Glad to join this community, I am from New Jersey and I'm smoking on a Char Griller Super Pro with side firebox.  Any upgrades anyone has to offer or advice that they can give would be great.  Have a great day.


----------



## Bearcarver (Apr 24, 2014)

thomasoreilly85 said:


> Glad to join this community, I am from New Jersey and I'm smoking on a Char Griller Super Pro with side firebox.  Any upgrades anyone has to offer or advice that they can give would be great.  Have a great day.


Welcome Thomas,

I don't know anything about your smoker, but I'll give you a welcome, and maybe some of the "Char Griller Super Pro" owners will catch you on this trip around. My reply will bring this up top for you again.

Sorry,

Bear


----------



## thomasoreilly85 (Apr 24, 2014)

Thanks Bear, I have some pretty great mentors to teach me alot but I'm always open to new suggestions and tips.  Got a lot of smoking done this past week, learning the new smoker. Practice makes perfect.


----------



## 5oclocksomewher (Apr 24, 2014)

Add some new therms at grate level.  One that unit comes with is not very good.
I also bolted1 inch angle iron around main cooking chamber.  Use stainless steel booths and nuts.  Also sealed up with gasket tape.












image.jpg



__ 5oclocksomewher
__ Apr 17, 2014






Buy or make expanded steel basket. Bought mine at http://yokeup.net/XXLBaskets.html
I bolted 1 1/2 inch angle iron on both sides of firebox to set basket on.













image.jpg



__ 5oclocksomewher
__ Apr 11, 2014






Buy a baffle for 35 dollars from Ernie at www.Kickassbbqsouth.com. That will give you even temp.  It just sits on grate on firebox side.  Without a baffle, firebox side will be 50-100 degrees hotter.













image.jpg



__ 5oclocksomewher
__ Apr 24, 2014






Seal around stack with rtv sealer.  Also extend stack to grate level with dryer vent.













image.jpg



__ 5oclocksomewher
__ Apr 17, 2014






Here's a great link

http://www.smokingmeatforums.com/t/58778/char-griller-smokin-pro-with-firebox-mods

Hope this helps a bit.
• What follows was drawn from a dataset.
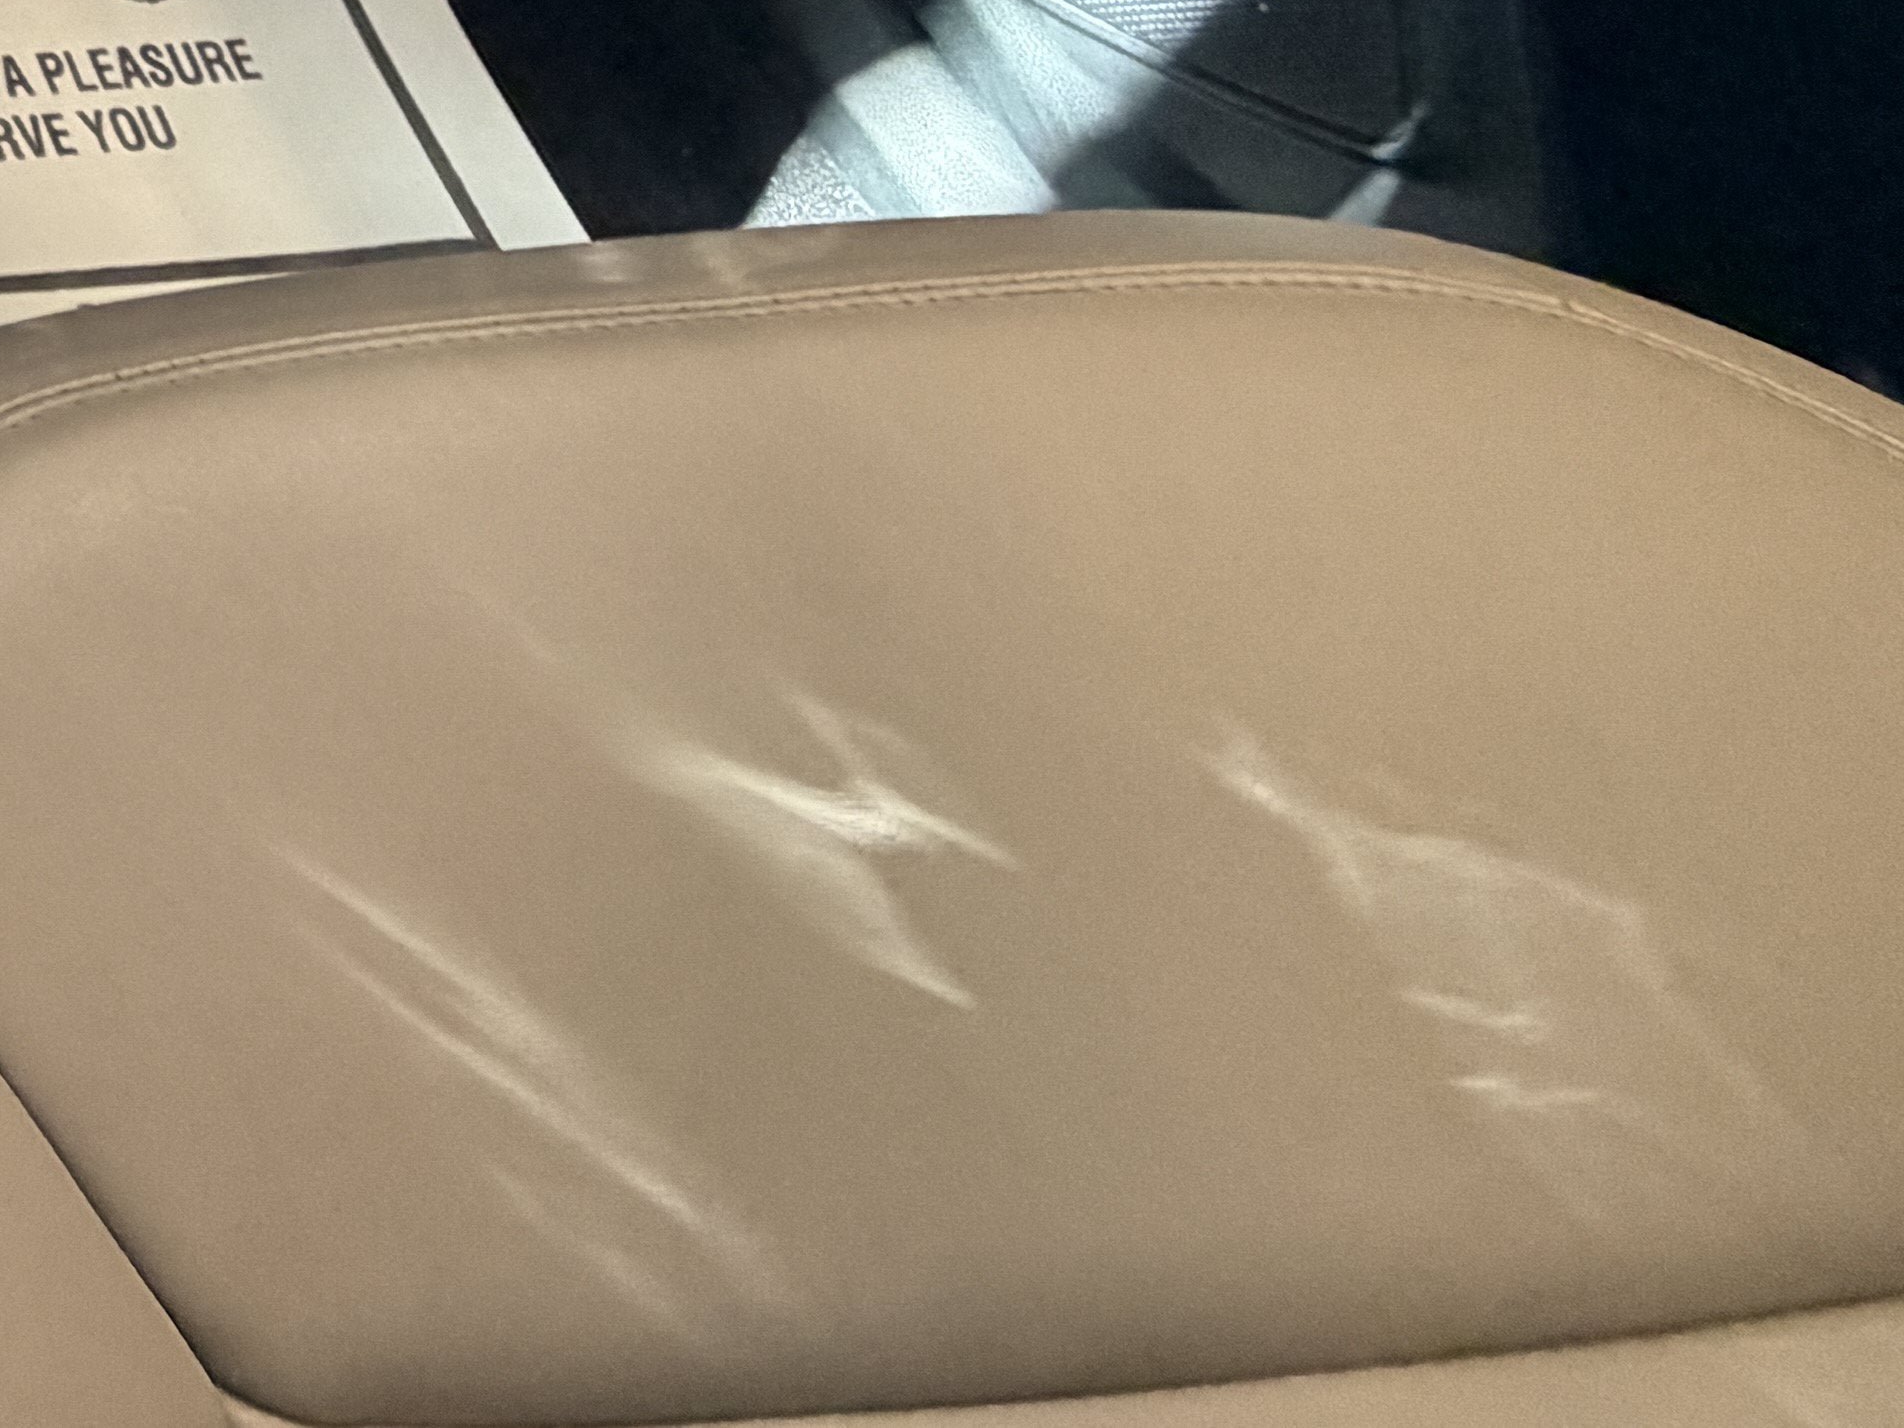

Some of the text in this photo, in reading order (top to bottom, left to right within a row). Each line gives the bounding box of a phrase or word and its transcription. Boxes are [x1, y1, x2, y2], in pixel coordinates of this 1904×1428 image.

[0, 53, 37, 99] A
[37, 37, 263, 98] PLEASURE
[76, 103, 178, 153] YOU
Good Luck.


----------



## gary s (Apr 24, 2014)

Good evening and welcome, didn't take long to get some help, glad you joined the group 

Gary S


----------



## GaryHibbert (Apr 24, 2014)

Hey Thomas

Welcome to the Smoking  forum.   You’ll find great , friendly people here, all more than willing to answer any question you may have.  Just ask and you’ll get about 10 different answers—all right.  LOL.   Don’t forget to post qviews.

Gary


----------



## WaterinHoleBrew (Apr 24, 2014)

Welcome, glad ya joined us !


----------



## mmaddoggy (Apr 25, 2014)

:grilling_smilie:Howdy and welcome to the forum


----------



## thomasoreilly85 (Apr 27, 2014)

Thanks for the tips and warm welcome everyone, this may not be the right spot in the forum to ask but what type of digital thermometer is everyone using I am in need of feedback before I buy.


----------



## Bearcarver (Apr 27, 2014)

thomasoreilly85 said:


> Thanks for the tips and warm welcome everyone, this may not be the right spot in the forum to ask but what type of digital thermometer is everyone using I am in need of feedback before I buy.


There are a few others being used, but a large majority of SMF smokers are using the Maverick ET-732, and some are trying the new ET-733.

I love my 4 year old ET-732.

Bear


----------



## thomasoreilly85 (Apr 27, 2014)

I have seen some not so good reviews for the 733 I was looking at the 732 model and I may go with that.


----------